▶ Instructions for the task: Please retype every entry as written, and keep the pictures out.
*** Opening Task material ***
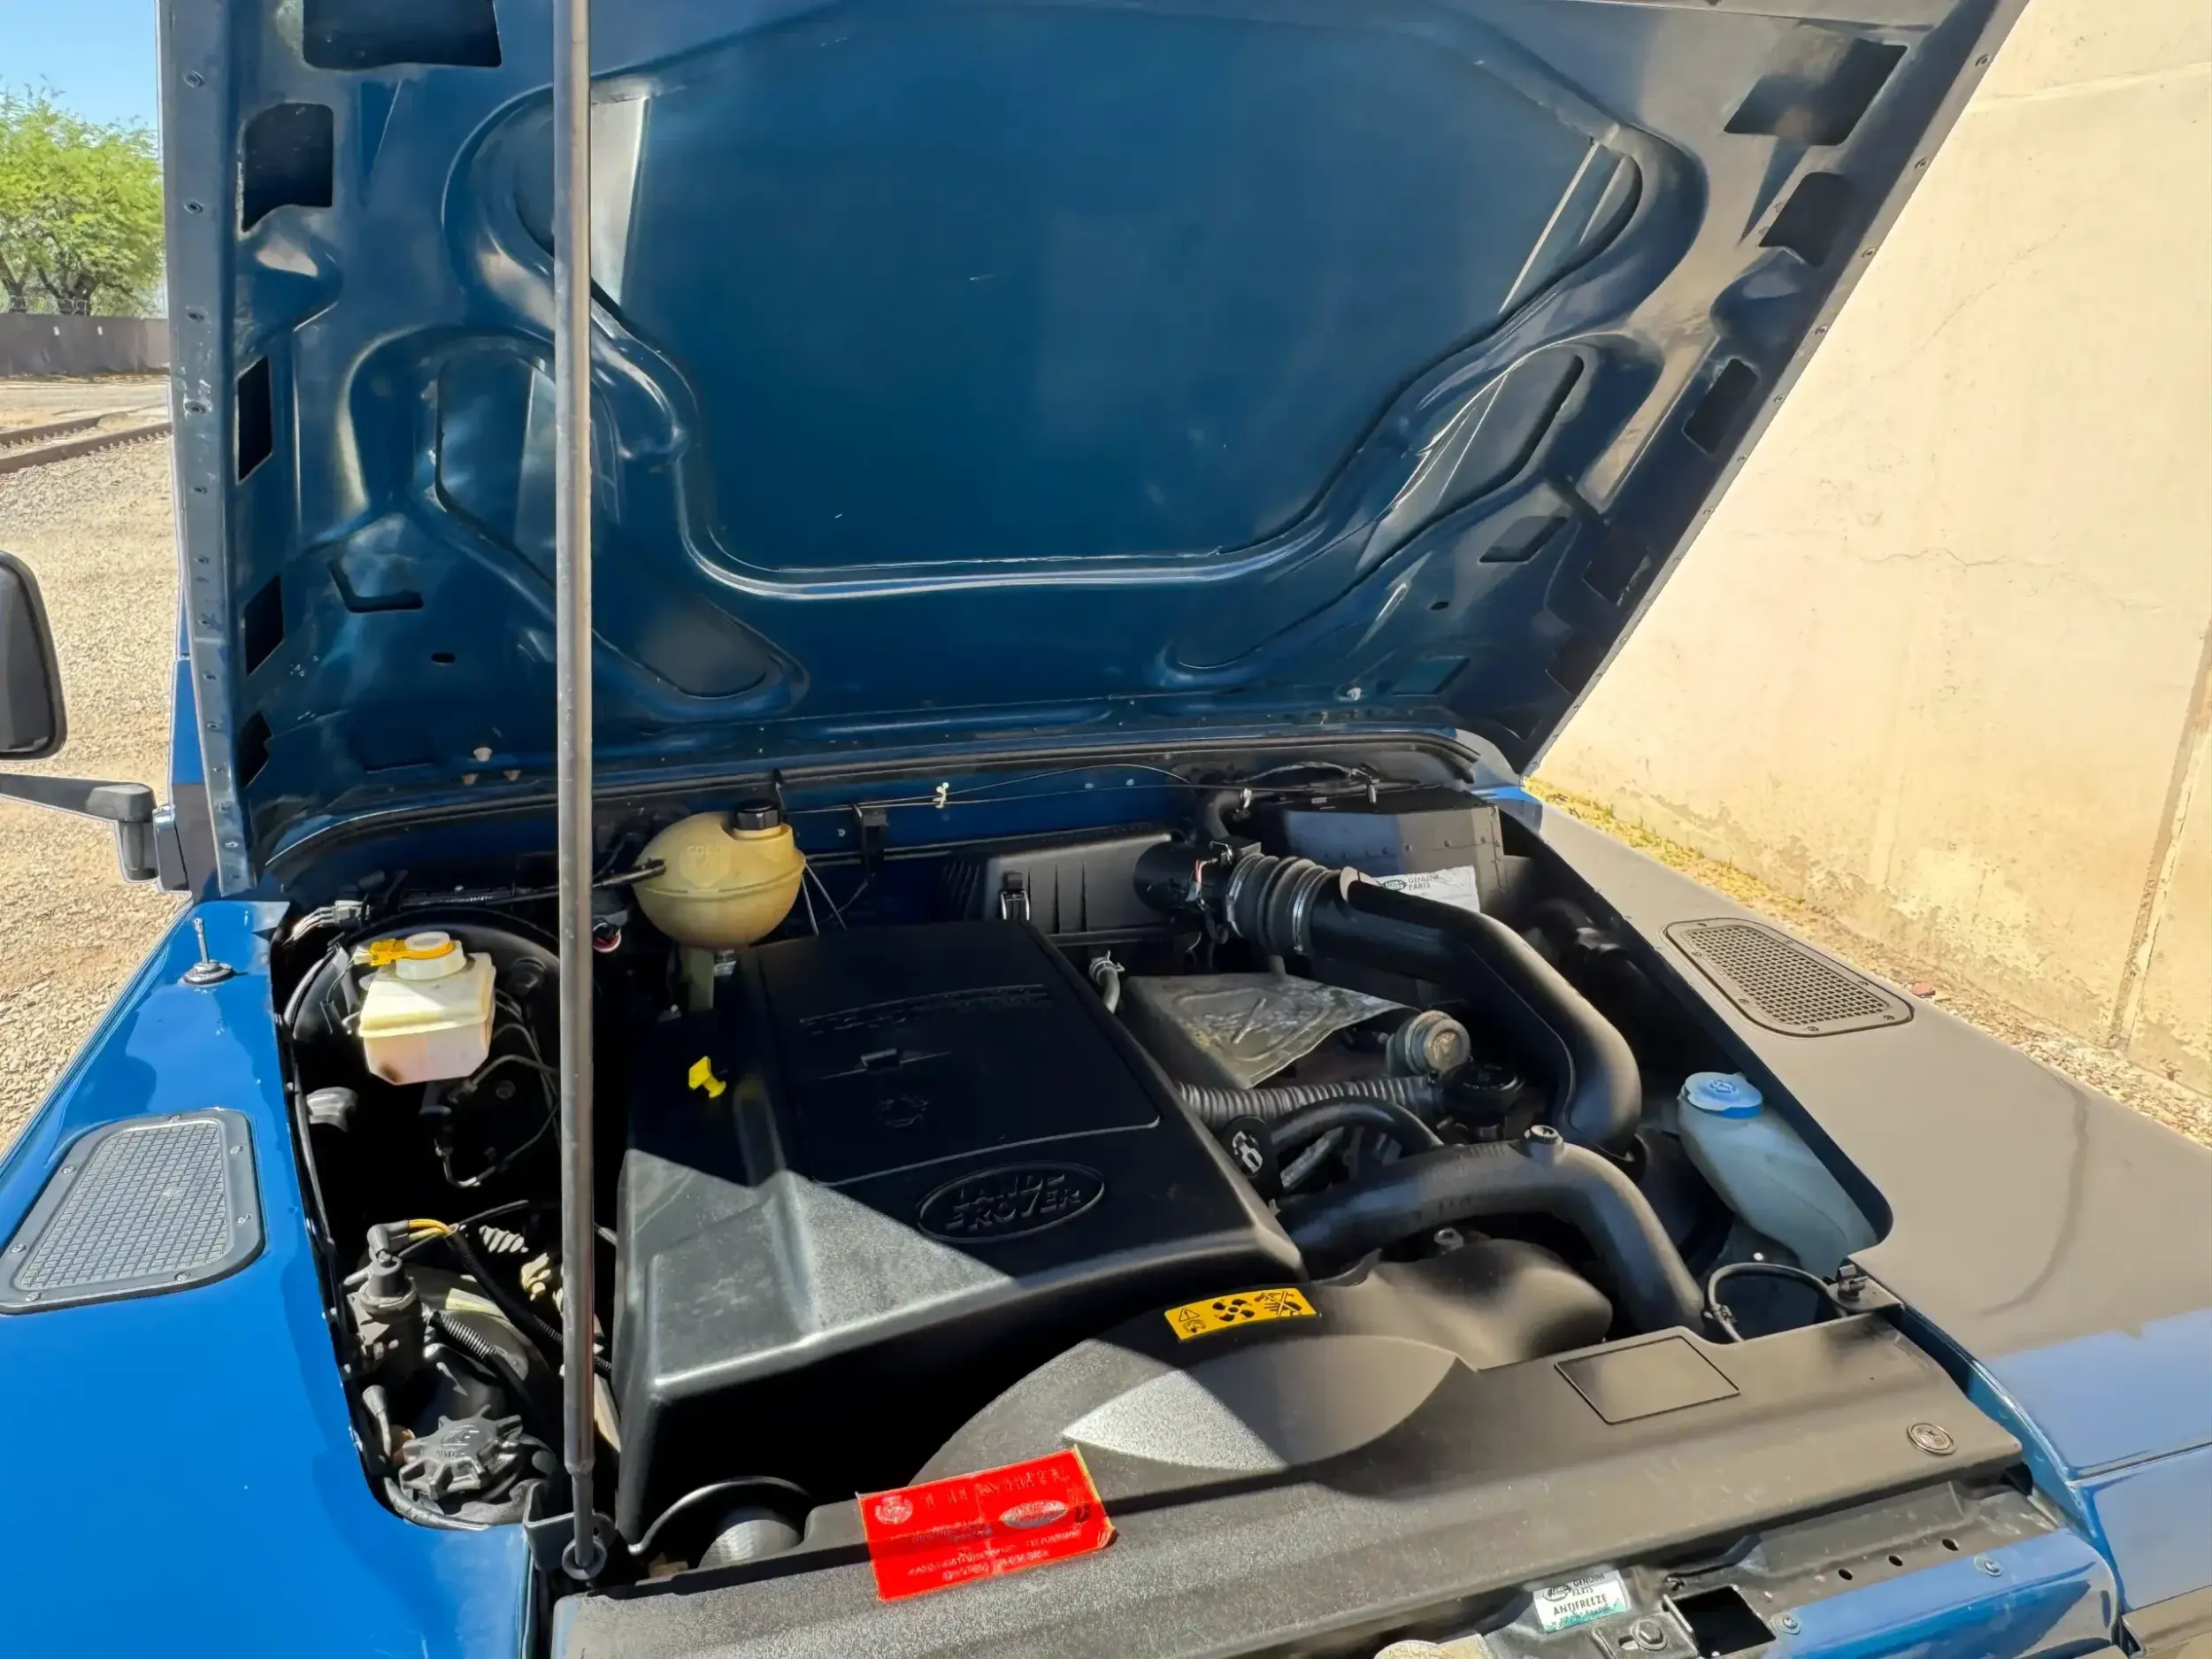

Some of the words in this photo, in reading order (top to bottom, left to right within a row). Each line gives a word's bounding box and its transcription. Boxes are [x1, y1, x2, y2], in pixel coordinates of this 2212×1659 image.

[966, 1189, 1082, 1232] ROVER
[1571, 1586, 1594, 1597] PARTS
[1553, 1594, 1608, 1616] ANTIFREEZE
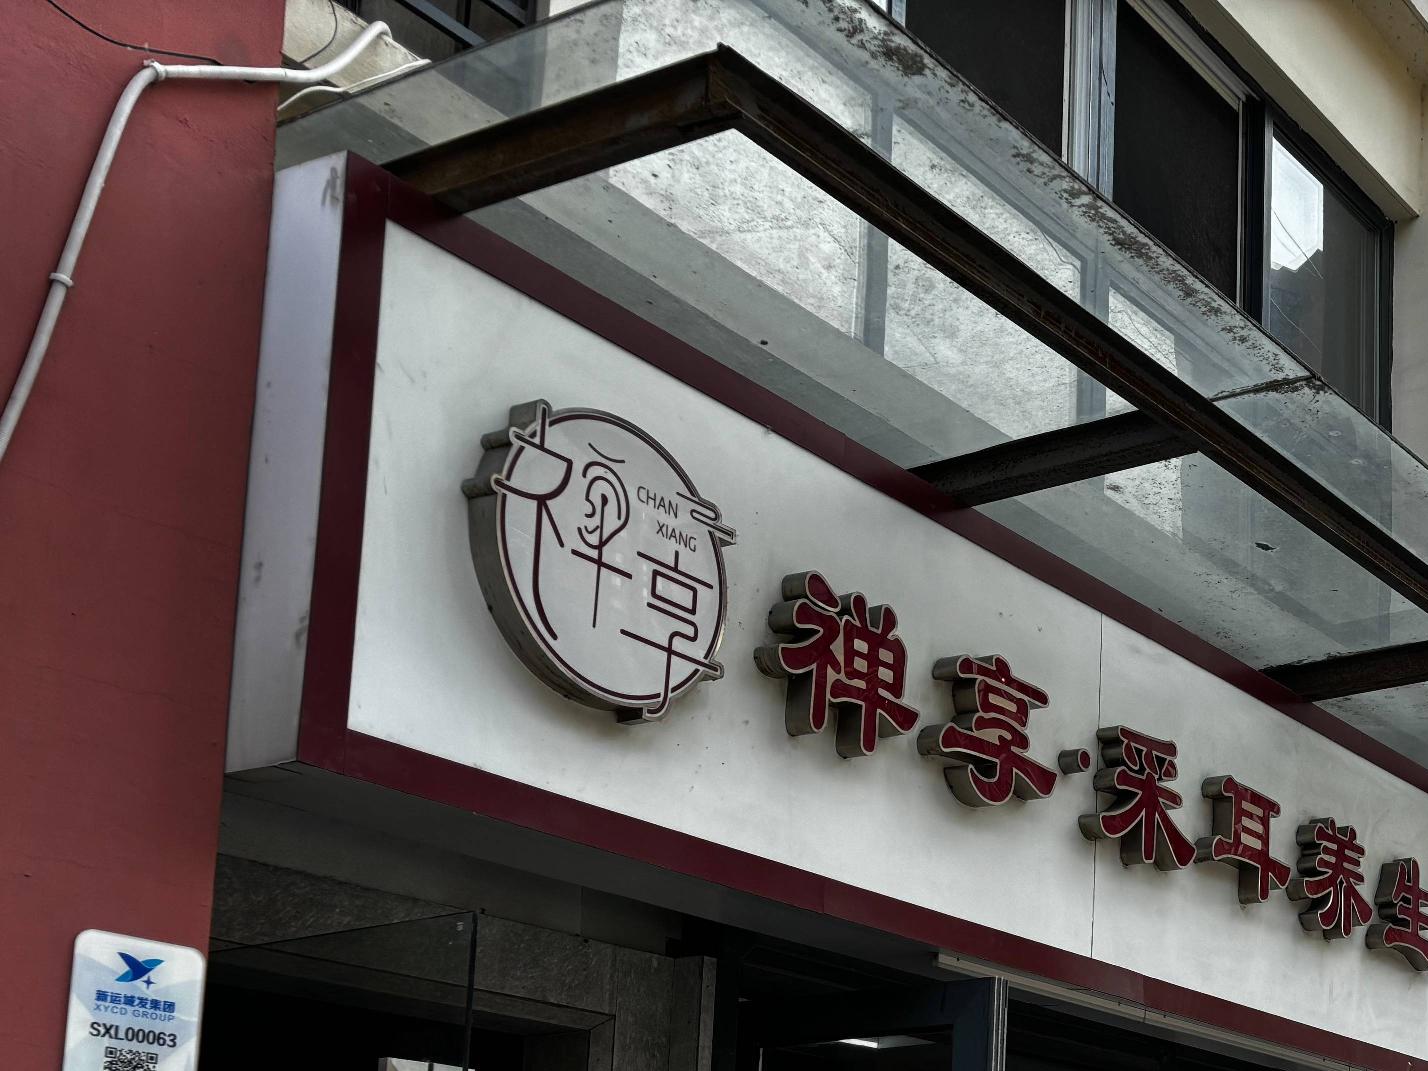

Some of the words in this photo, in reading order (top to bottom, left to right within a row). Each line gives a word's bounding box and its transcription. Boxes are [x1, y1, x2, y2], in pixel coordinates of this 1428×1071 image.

[636, 484, 679, 519] CHAN
[655, 520, 698, 553] XIANG
[93, 1003, 128, 1016] XYCD
[131, 1009, 176, 1022] GROUP
[89, 1021, 178, 1048] SXL00063
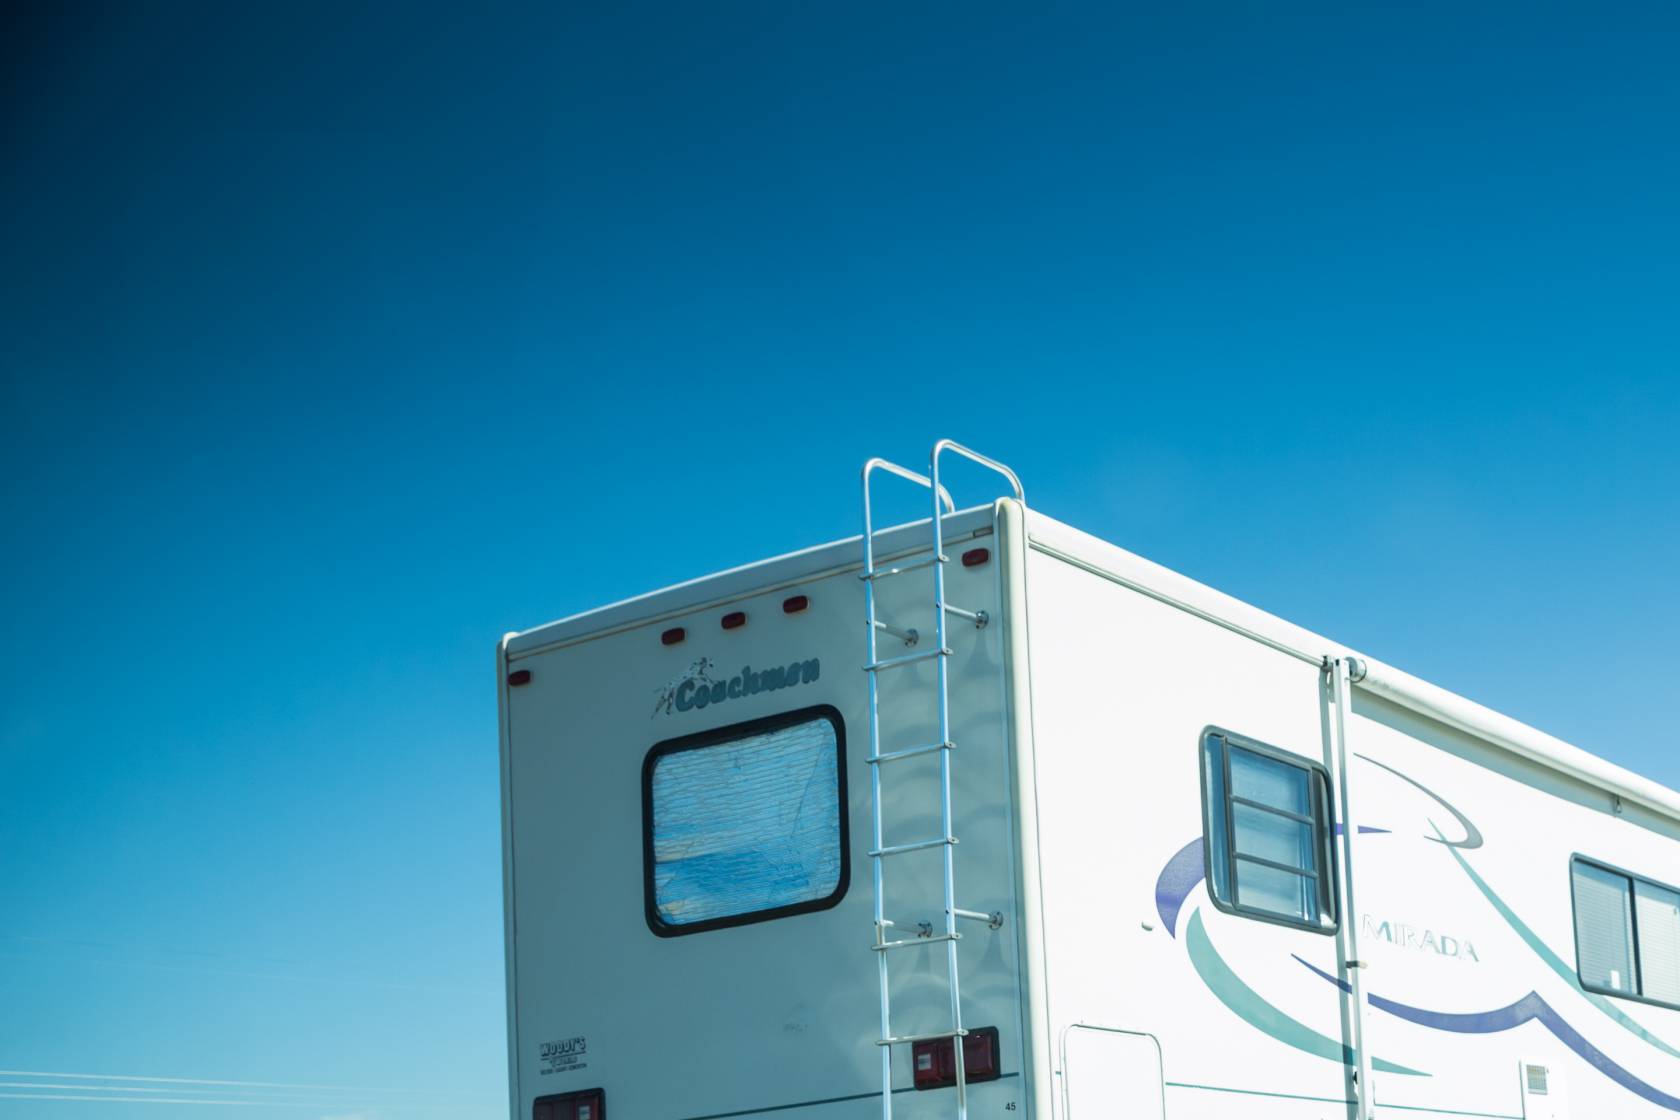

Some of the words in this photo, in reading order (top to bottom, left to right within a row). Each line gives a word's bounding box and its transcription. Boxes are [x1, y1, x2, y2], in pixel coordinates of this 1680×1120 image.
*** Closing Task material ***
▶ Response to the task:
Some of the words in this photo, in reading order (top to bottom, left to right within a row). Each line gives a word's bounding box and its transcription. Boxes are [x1, y1, x2, y2], in pixel coordinates of this 2212×1659 image.

[966, 1189, 1082, 1232] ROVER
[1571, 1586, 1594, 1597] PARTS
[1553, 1594, 1608, 1616] ANTIFREEZE

Some of the words in this photo, in reading order (top to bottom, left to right within a row). Each line gives a word's bounding box and its transcription. Boxes are [x1, y1, x2, y2], in pixel coordinates of this 1428×1071 image.

[636, 484, 679, 519] CHAN
[655, 520, 698, 553] XIANG
[93, 1003, 128, 1016] XYCD
[131, 1009, 176, 1022] GROUP
[89, 1021, 178, 1048] SXL00063

Some of the words in this photo, in reading order (top to bottom, left to right within a row). Each line gives a word's bounding box and its transcription. Boxes are [x1, y1, x2, y2], in pixel coordinates of this 1680×1120 image.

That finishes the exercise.